**Instructions for the task:** Leave every image out, and return the rest of the data word for word.

**The data:**
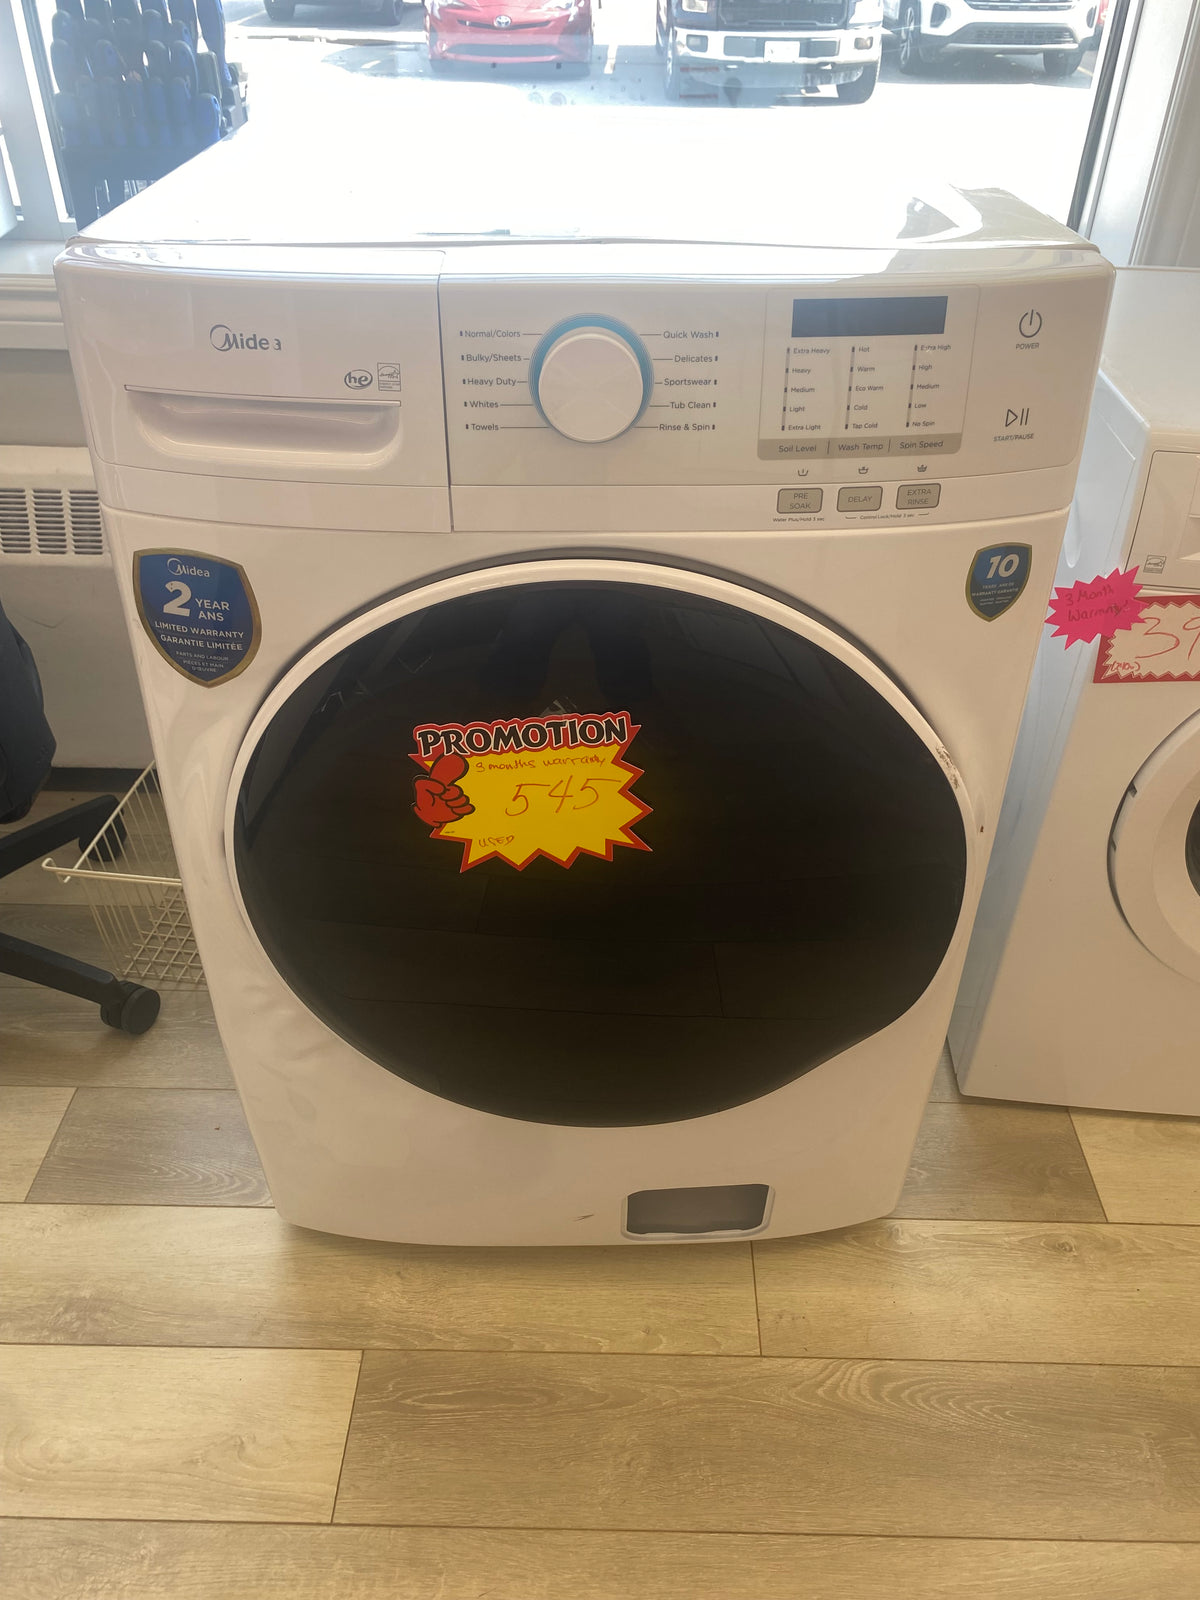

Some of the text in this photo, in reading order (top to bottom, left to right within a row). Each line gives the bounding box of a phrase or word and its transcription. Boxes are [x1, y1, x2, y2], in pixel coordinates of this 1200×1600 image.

[464, 329, 521, 338] Normal/Colors
[663, 330, 714, 339] Quick Wash
[1015, 342, 1040, 350] POWER
[811, 347, 831, 355] Heavy
[466, 353, 522, 362] Bulky/Sheets
[674, 354, 713, 363] Delicates
[791, 367, 811, 375] Heavy
[918, 364, 933, 372] High
[467, 376, 517, 387] Heavy Duty
[664, 378, 712, 387] Sportswear
[469, 400, 499, 409] Whites
[669, 401, 711, 409] Tub Clean
[789, 405, 805, 413] Light
[471, 423, 500, 432] Towels
[659, 423, 711, 432] Rinse & Spin
[805, 424, 821, 432] Light
[922, 420, 936, 428] Spin
[993, 433, 1035, 442] START/PAUSE
[838, 442, 884, 452] Wash Temp
[899, 439, 944, 450] Spin Speed
[778, 445, 817, 454] Soil Level
[793, 492, 809, 500] PRE
[907, 488, 932, 497] EXTRA
[848, 495, 873, 504] DELAY
[907, 498, 930, 506] RINSE
[789, 502, 812, 510] SOAK
[167, 557, 211, 578] Midea
[987, 553, 1020, 579] 10
[163, 581, 230, 617] 2 YEAR
[1065, 584, 1114, 607] 3 Month
[198, 610, 224, 622] ANS
[154, 621, 244, 639] LIMITED WARRANTY
[160, 634, 244, 651] GARANTIE LIMITÉE
[417, 715, 628, 757] PROMOTION
[488, 759, 536, 771] months
[543, 754, 606, 768] warranty
[504, 774, 622, 817] 545
[478, 834, 515, 848] USED

**Result of the exercise:**
Some of the text in this photo, in reading order (top to bottom, left to right within a row). Each line gives the bounding box of a phrase or word and its transcription. Boxes are [x1, y1, x2, y2], in pixel coordinates of this 1200×1600 image.

[464, 329, 521, 338] Normal/Colors
[663, 330, 714, 339] Quick Wash
[1015, 342, 1040, 350] POWER
[811, 347, 831, 355] Heavy
[466, 353, 522, 362] Bulky/Sheets
[674, 354, 713, 363] Delicates
[791, 367, 811, 375] Heavy
[918, 364, 933, 372] High
[467, 376, 517, 387] Heavy Duty
[664, 378, 712, 387] Sportswear
[469, 400, 499, 409] Whites
[669, 401, 711, 409] Tub Clean
[789, 405, 805, 413] Light
[471, 423, 500, 432] Towels
[659, 423, 711, 432] Rinse & Spin
[805, 424, 821, 432] Light
[922, 420, 936, 428] Spin
[993, 433, 1035, 442] START/PAUSE
[838, 442, 884, 452] Wash Temp
[899, 439, 944, 450] Spin Speed
[778, 445, 817, 454] Soil Level
[793, 492, 809, 500] PRE
[907, 488, 932, 497] EXTRA
[848, 495, 873, 504] DELAY
[907, 498, 930, 506] RINSE
[789, 502, 812, 510] SOAK
[167, 557, 211, 578] Midea
[987, 553, 1020, 579] 10
[163, 581, 230, 617] 2 YEAR
[1065, 584, 1114, 607] 3 Month
[198, 610, 224, 622] ANS
[154, 621, 244, 639] LIMITED WARRANTY
[160, 634, 244, 651] GARANTIE LIMITÉE
[417, 715, 628, 757] PROMOTION
[488, 759, 536, 771] months
[543, 754, 606, 768] warranty
[504, 774, 622, 817] 545
[478, 834, 515, 848] USED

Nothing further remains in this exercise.